What to produce: Please print every record that follows, keeping each one exactly as it is.

[[ Material for this task open ]]

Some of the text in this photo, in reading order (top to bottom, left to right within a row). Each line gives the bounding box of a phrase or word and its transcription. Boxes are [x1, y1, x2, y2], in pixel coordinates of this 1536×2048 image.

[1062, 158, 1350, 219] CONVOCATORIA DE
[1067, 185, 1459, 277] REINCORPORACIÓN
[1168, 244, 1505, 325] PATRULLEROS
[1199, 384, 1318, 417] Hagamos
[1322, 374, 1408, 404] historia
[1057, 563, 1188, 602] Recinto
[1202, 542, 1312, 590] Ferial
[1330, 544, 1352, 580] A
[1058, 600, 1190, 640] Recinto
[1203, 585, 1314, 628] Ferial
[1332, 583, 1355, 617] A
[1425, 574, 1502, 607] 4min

[[ Material for this task closed ]]

Output:
Some of the text in this photo, in reading order (top to bottom, left to right within a row). Each line gives the bounding box of a phrase or word and its transcription. Boxes are [x1, y1, x2, y2], in pixel coordinates of this 1536×2048 image.

[1062, 158, 1350, 219] CONVOCATORIA DE
[1067, 185, 1459, 277] REINCORPORACIÓN
[1168, 244, 1505, 325] PATRULLEROS
[1199, 384, 1318, 417] Hagamos
[1322, 374, 1408, 404] historia
[1057, 563, 1188, 602] Recinto
[1202, 542, 1312, 590] Ferial
[1330, 544, 1352, 580] A
[1058, 600, 1190, 640] Recinto
[1203, 585, 1314, 628] Ferial
[1332, 583, 1355, 617] A
[1425, 574, 1502, 607] 4min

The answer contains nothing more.